Work instructions:
Drop the pictures from the entries below, then reproduce the rest exactly.

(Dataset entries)
---+---

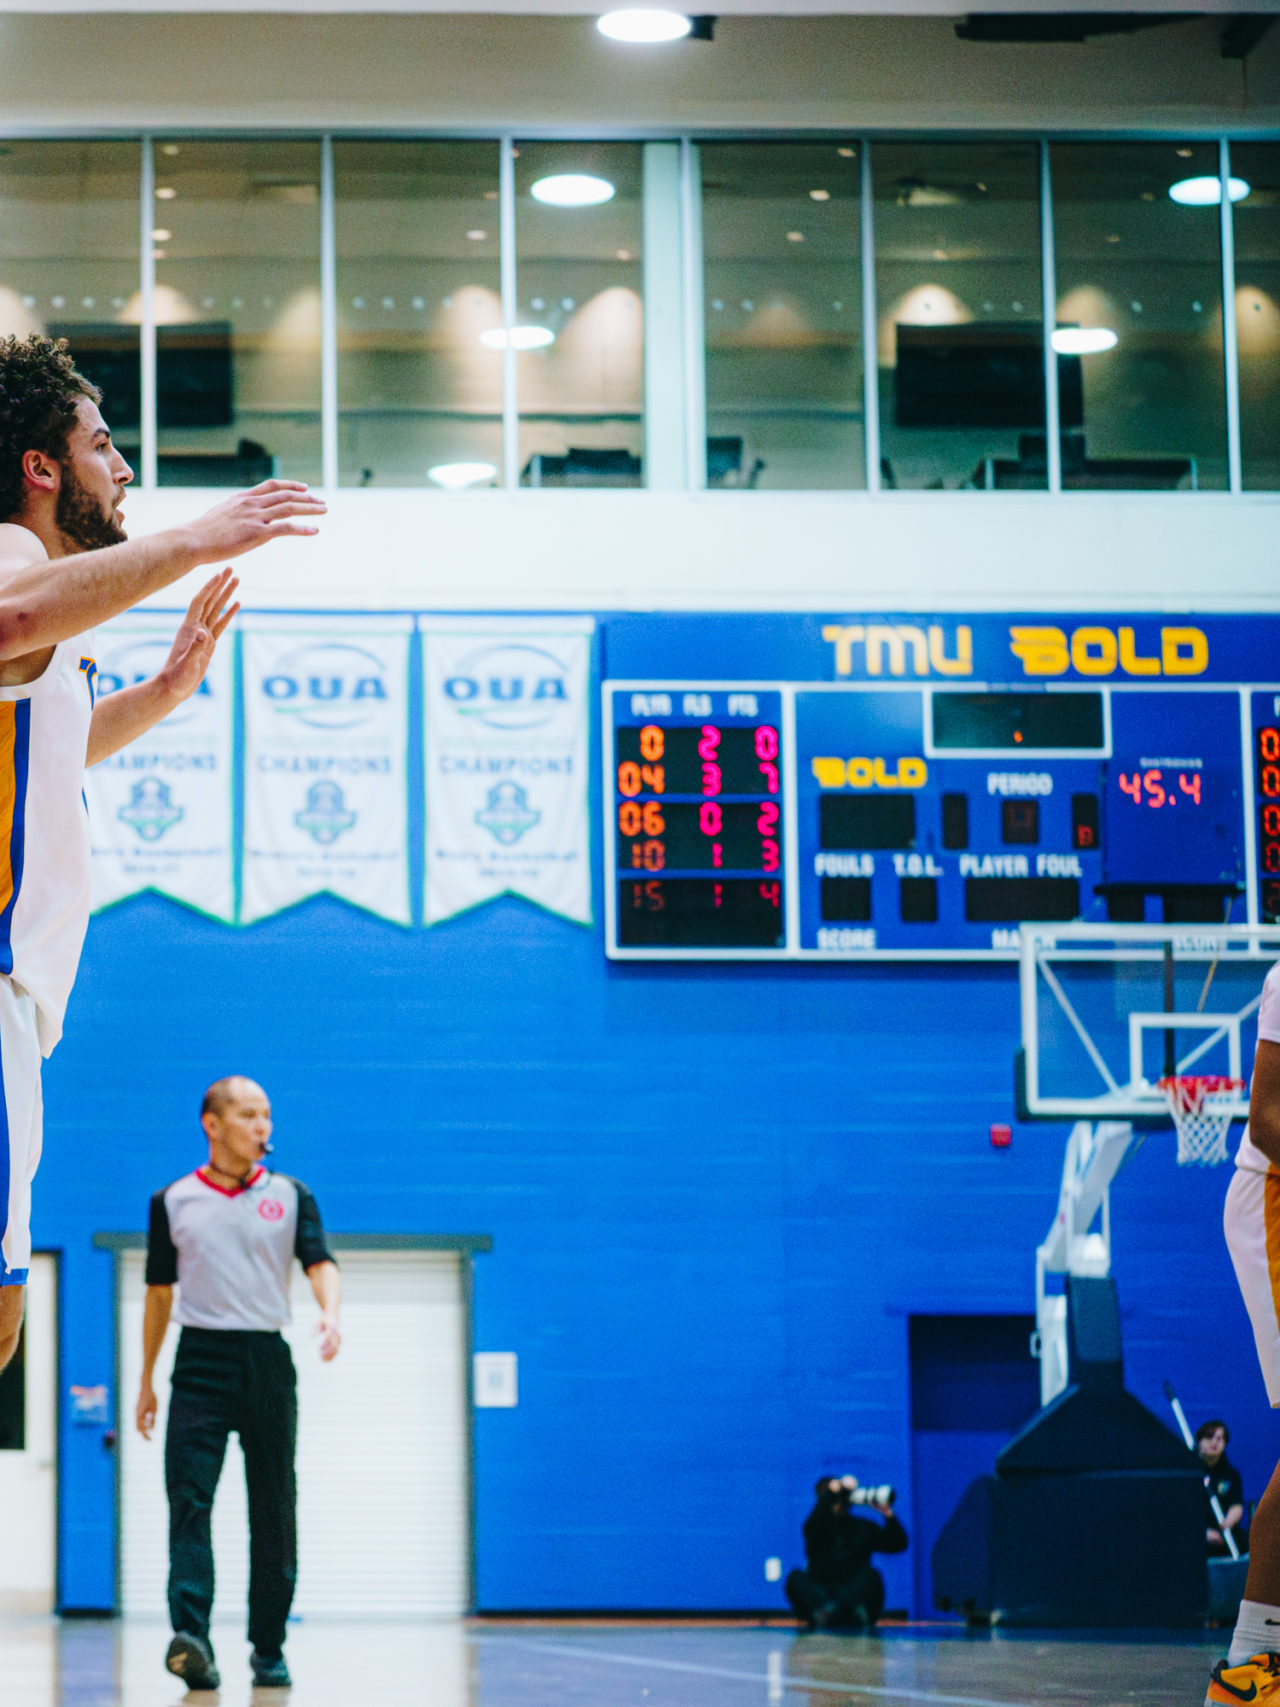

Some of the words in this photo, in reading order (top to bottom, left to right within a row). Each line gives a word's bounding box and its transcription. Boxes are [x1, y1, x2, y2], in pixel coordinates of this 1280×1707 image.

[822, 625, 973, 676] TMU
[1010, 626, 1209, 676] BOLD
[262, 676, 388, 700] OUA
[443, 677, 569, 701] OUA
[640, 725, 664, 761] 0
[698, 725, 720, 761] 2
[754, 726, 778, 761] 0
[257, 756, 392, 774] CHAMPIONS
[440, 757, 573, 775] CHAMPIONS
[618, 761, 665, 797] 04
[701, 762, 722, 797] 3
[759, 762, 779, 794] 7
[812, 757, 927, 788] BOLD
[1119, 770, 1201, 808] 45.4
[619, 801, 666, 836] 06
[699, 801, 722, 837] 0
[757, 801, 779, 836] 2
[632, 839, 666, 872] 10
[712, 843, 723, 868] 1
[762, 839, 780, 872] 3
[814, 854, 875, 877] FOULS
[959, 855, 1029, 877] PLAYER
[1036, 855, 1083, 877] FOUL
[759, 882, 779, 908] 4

---+---

Your response:
Some of the words in this photo, in reading order (top to bottom, left to right within a row). Each line gives a word's bounding box and its transcription. Boxes are [x1, y1, x2, y2], in pixel coordinates of this 1280×1707 image.

[822, 625, 973, 676] TMU
[1010, 626, 1209, 676] BOLD
[262, 676, 388, 700] OUA
[443, 677, 569, 701] OUA
[640, 725, 664, 761] 0
[698, 725, 720, 761] 2
[754, 726, 778, 761] 0
[257, 756, 392, 774] CHAMPIONS
[440, 757, 573, 775] CHAMPIONS
[618, 761, 665, 797] 04
[701, 762, 722, 797] 3
[759, 762, 779, 794] 7
[812, 757, 927, 788] BOLD
[1119, 770, 1201, 808] 45.4
[619, 801, 666, 836] 06
[699, 801, 722, 837] 0
[757, 801, 779, 836] 2
[632, 839, 666, 872] 10
[712, 843, 723, 868] 1
[762, 839, 780, 872] 3
[814, 854, 875, 877] FOULS
[959, 855, 1029, 877] PLAYER
[1036, 855, 1083, 877] FOUL
[759, 882, 779, 908] 4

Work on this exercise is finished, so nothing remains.